Reproduce the listing exactly. Omit pictures.
(GIVEN RECORDS begins)
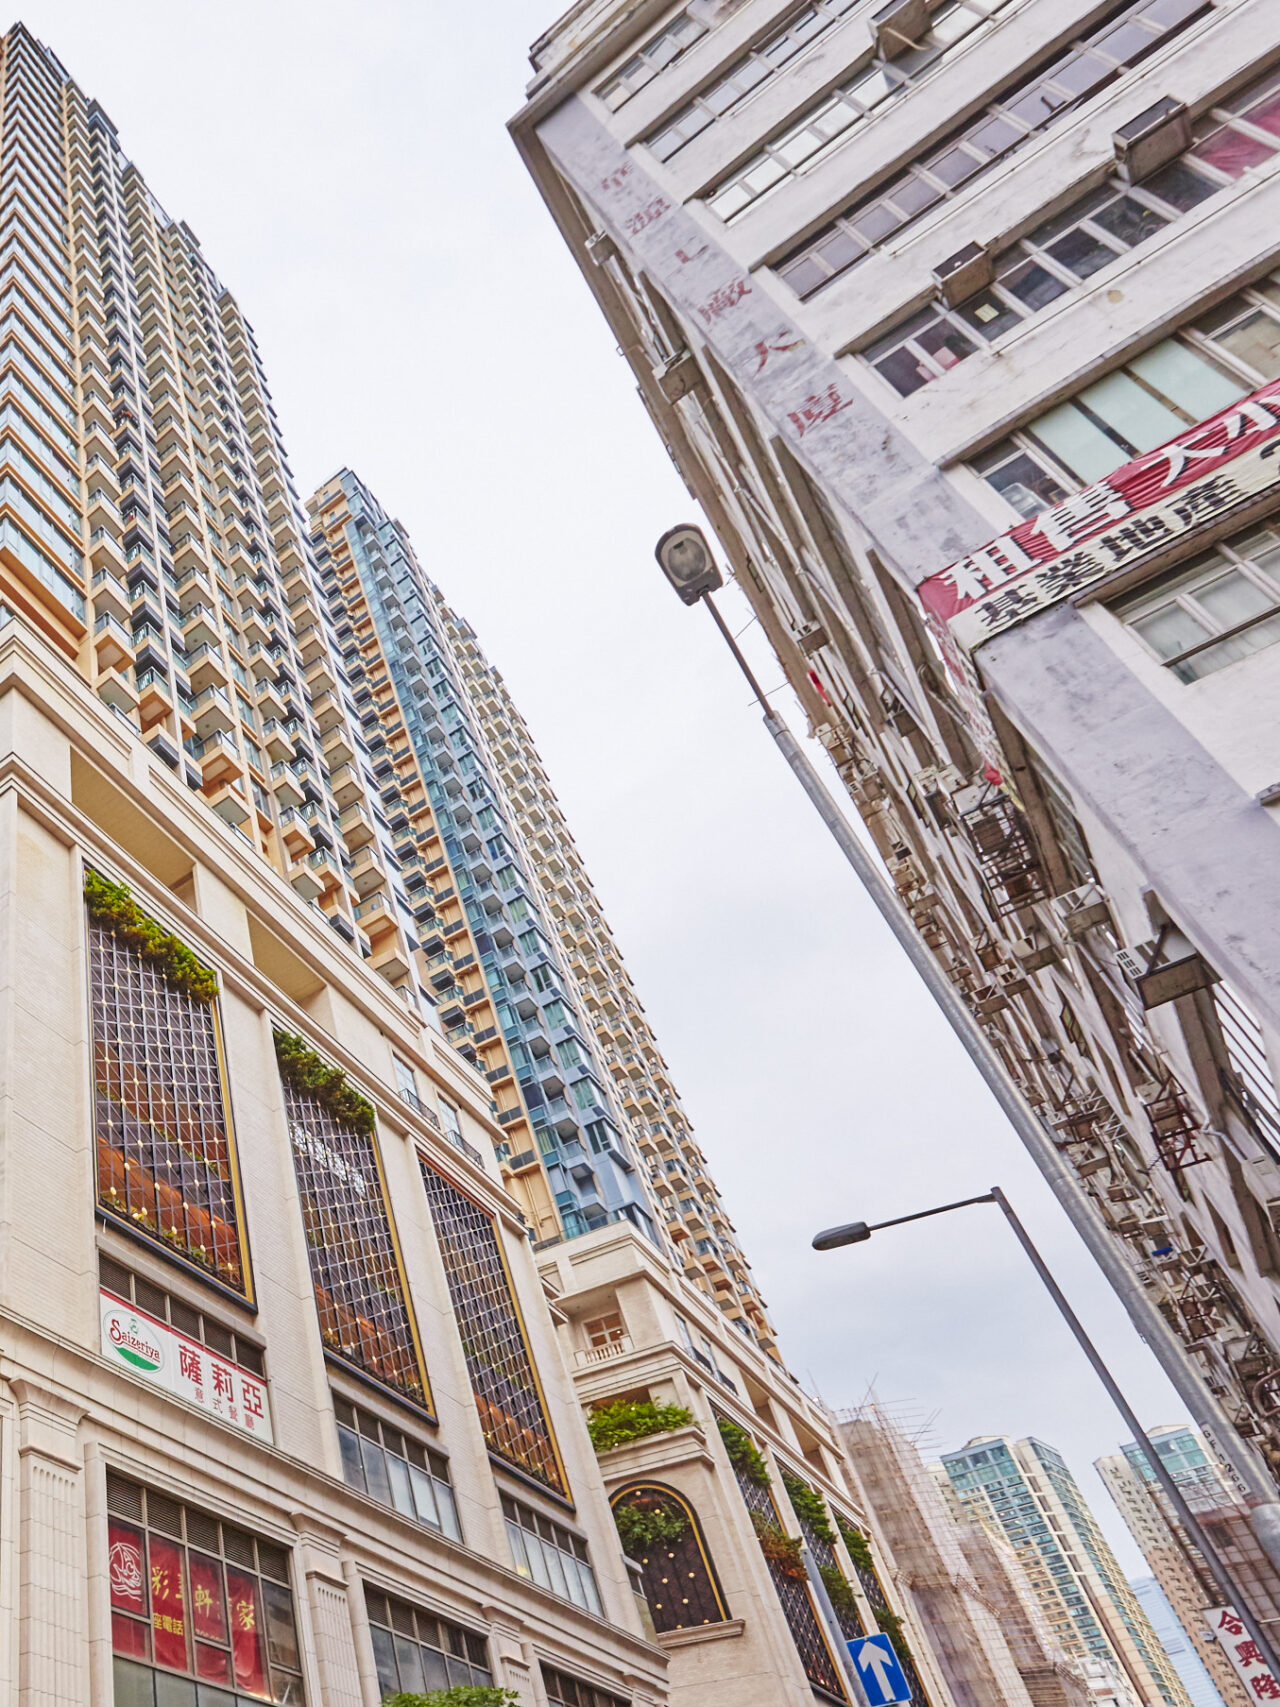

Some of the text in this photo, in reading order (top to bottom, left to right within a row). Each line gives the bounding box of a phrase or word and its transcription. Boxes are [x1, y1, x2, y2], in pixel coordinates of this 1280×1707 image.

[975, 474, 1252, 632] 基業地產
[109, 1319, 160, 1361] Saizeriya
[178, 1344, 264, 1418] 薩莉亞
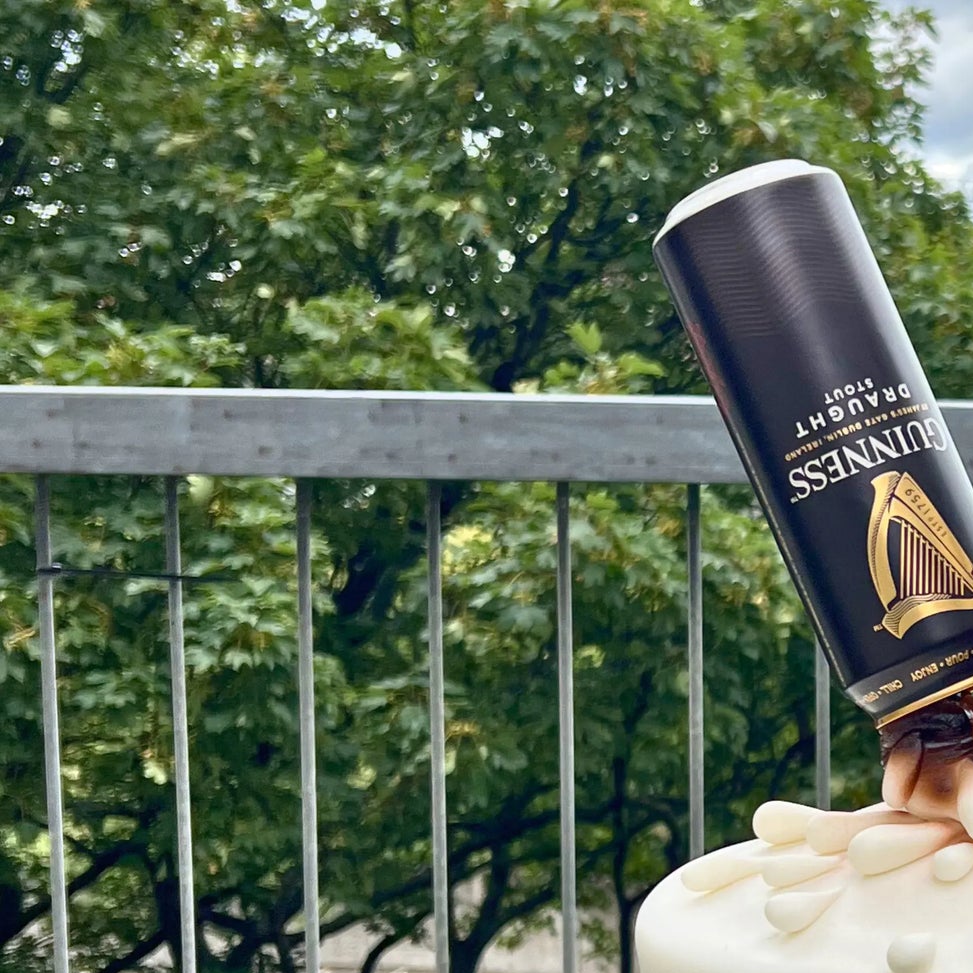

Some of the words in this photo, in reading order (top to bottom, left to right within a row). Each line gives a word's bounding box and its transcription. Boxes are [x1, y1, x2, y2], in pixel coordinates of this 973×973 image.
(GIVEN RECORDS ends)
- [SOLUTION FOR THIS TASK]:
Some of the text in this photo, in reading order (top to bottom, left to right within a row). Each line gives the bounding box of a phrase or word and its transcription. Boxes are [x1, y1, x2, y2], in pixel coordinates of this 1280×1707 image.

[975, 474, 1252, 632] 基業地產
[109, 1319, 160, 1361] Saizeriya
[178, 1344, 264, 1418] 薩莉亞

Some of the words in this photo, in reading order (top to bottom, left to right within a row). Each line gives a word's bounding box and its transcription. Boxes are [x1, y1, x2, y2], in pixel coordinates of this 973×973 image.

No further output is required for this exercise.